Questo episodio, secondo appunto le narrazioni, cambiò per sempre la vita di Martino, che iniziò a dedicarsi alle attività cristiane e che, in seguito, divenne vescovo dell’odierna Tours.

Ma la leggenda narra anche di un insolito e inspiegabile tepore che invase il Paese nei tre giorni successivi all’incontro di Martino con il mendicante: da allora, si celebra la famosa Estate di San Martino, ovvero i giorni di novembre in cui ritorna il caldo, dopo i primi freddi dell’autunno.

Questa ricorrenza si festeggia oggi in tutta Italia e in molti Paesi dell’Europa, con riti tradizionali, celebrazioni religiose e piatti tipici.

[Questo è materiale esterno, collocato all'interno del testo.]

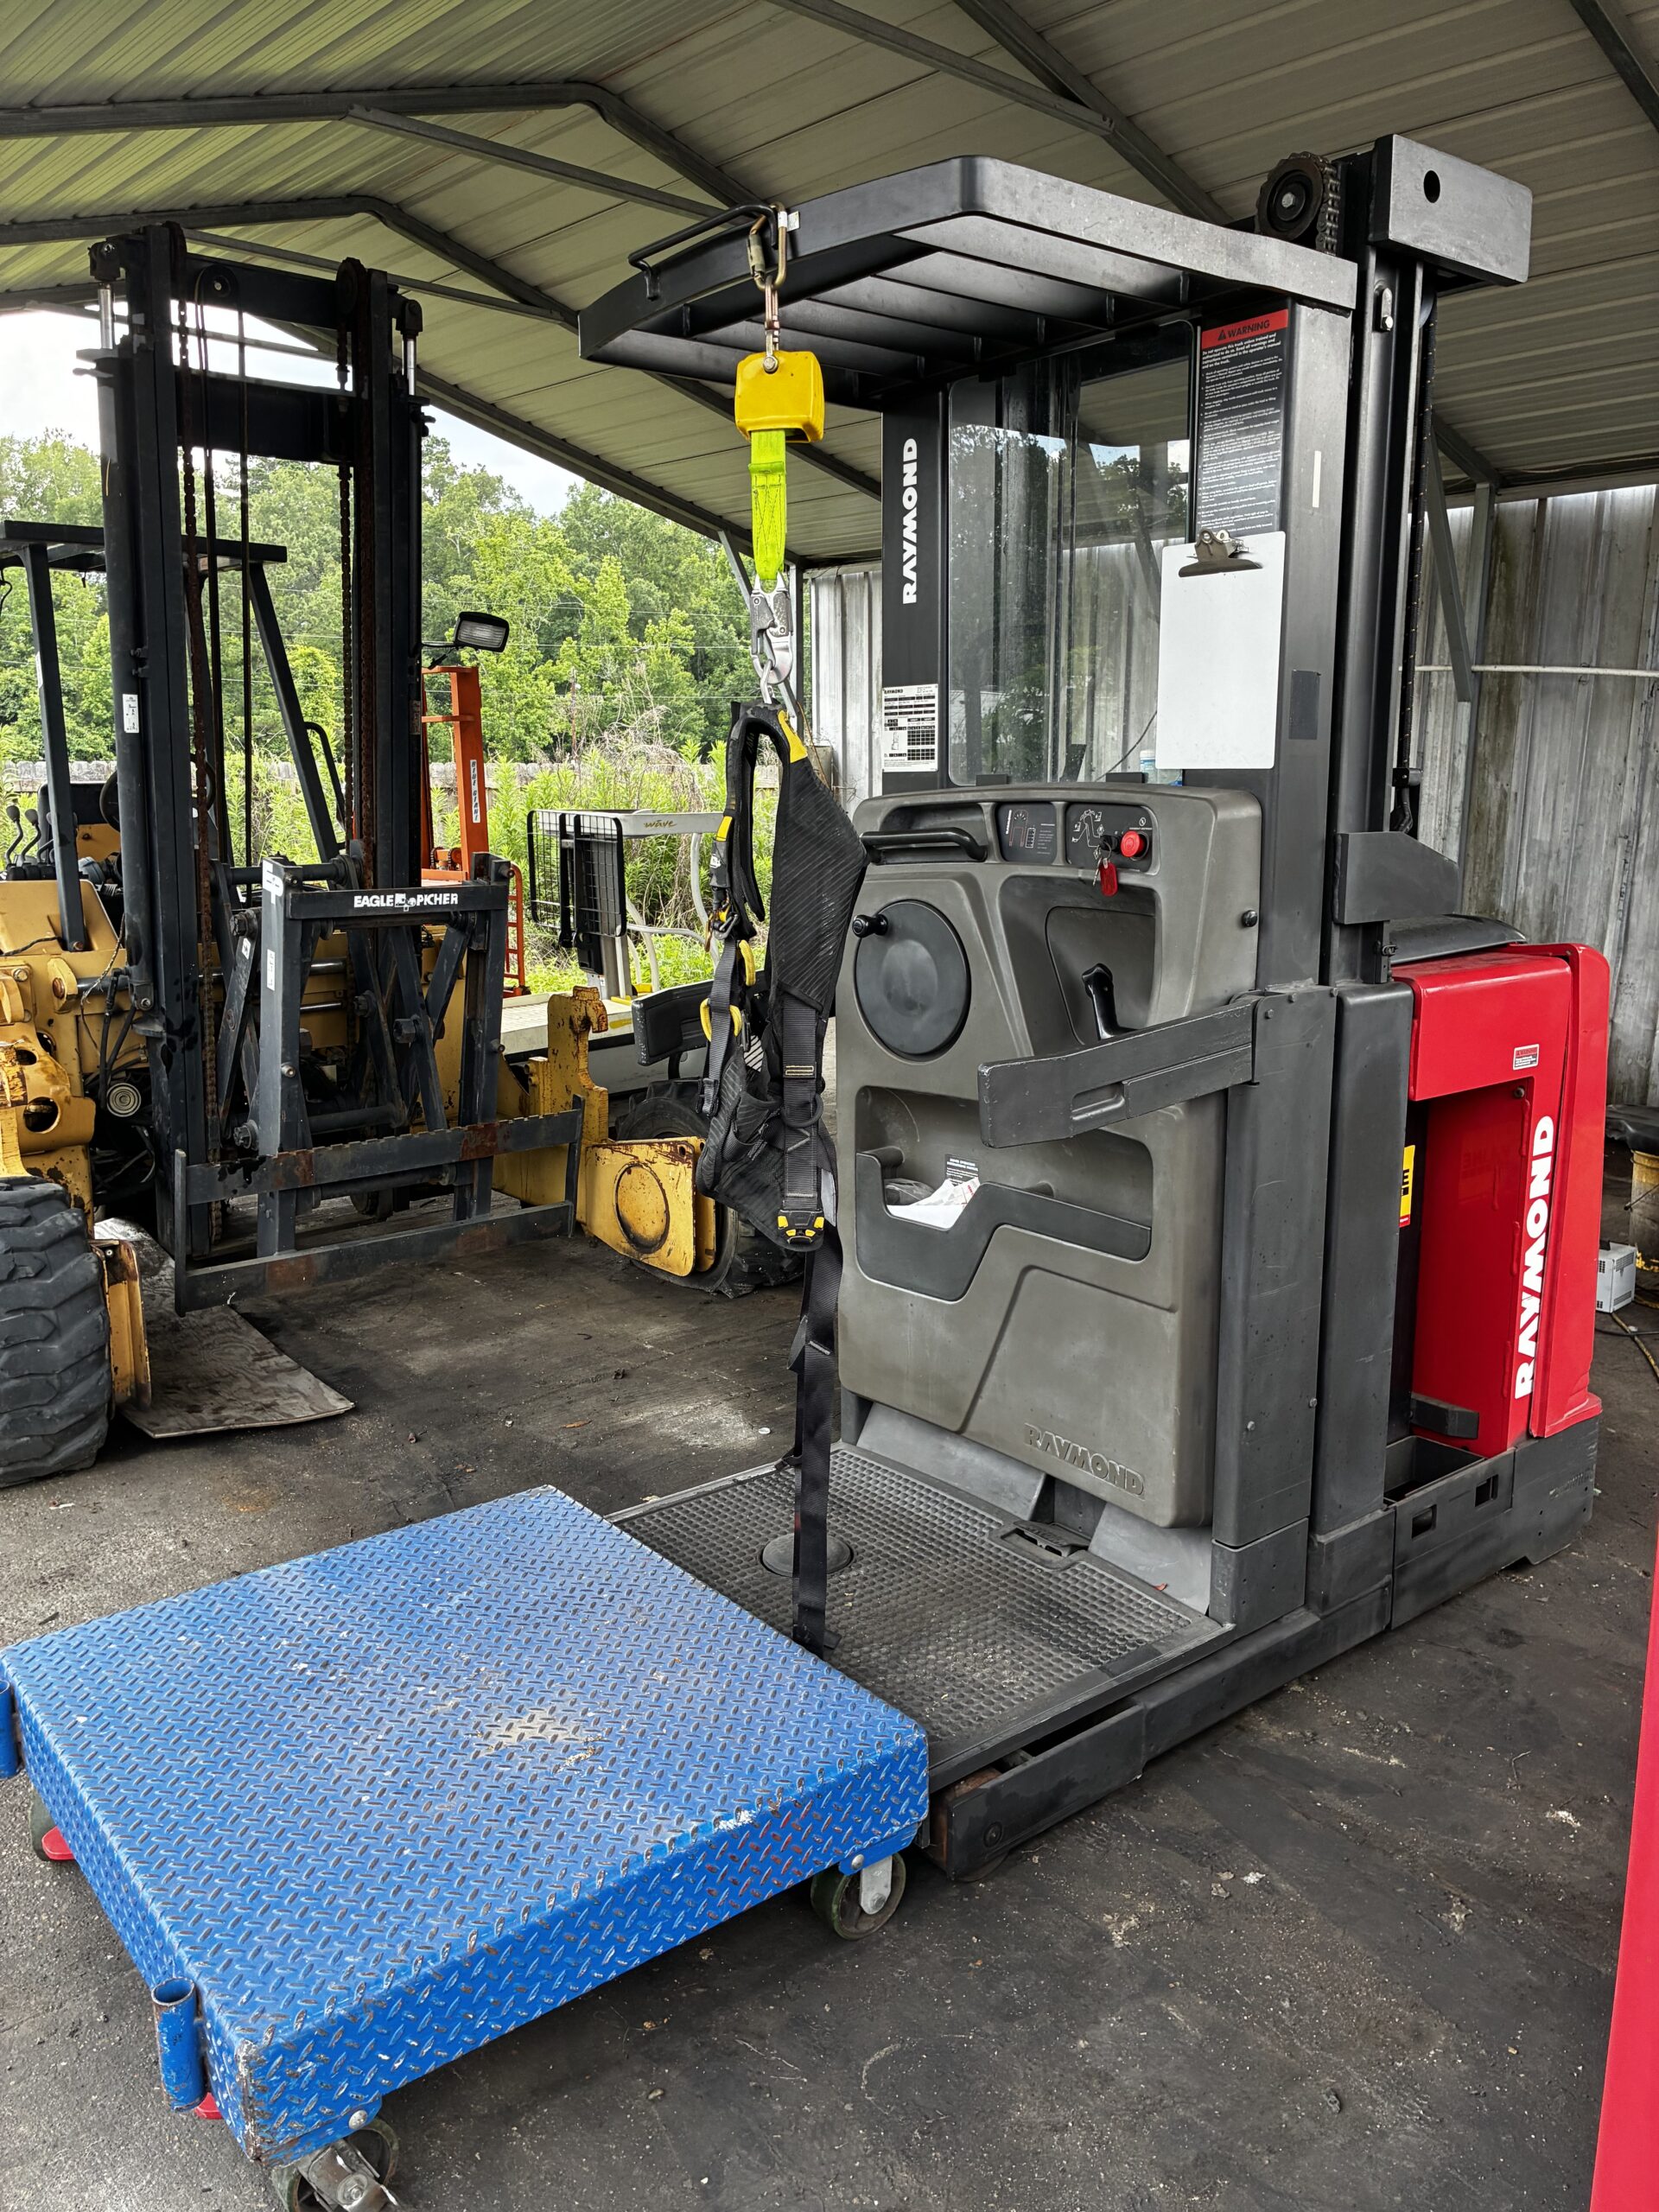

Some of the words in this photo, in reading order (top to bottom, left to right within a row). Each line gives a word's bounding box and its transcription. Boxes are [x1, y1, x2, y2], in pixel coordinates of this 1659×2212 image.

Una pratica molto diffusa, a tale proposito, è la creazione delle “lanterne di San Martino”, ovvero delle piccole lanterne realizzate soprattutto dai bambini e che, durante le processioni che si svolgono per celebrare il santo, potrebbero proprio rappresentare il tepore del sole, che timidamente riscalda i campi a novembre.

In Italia, invece, la giornata di San Martino è ricordata poiché “ogni mosto diventa vino”: la festa, infatti, coincide con il giorno in cui termina l’anno vitivinicolo e si aprono le botti per gustare il vino novello.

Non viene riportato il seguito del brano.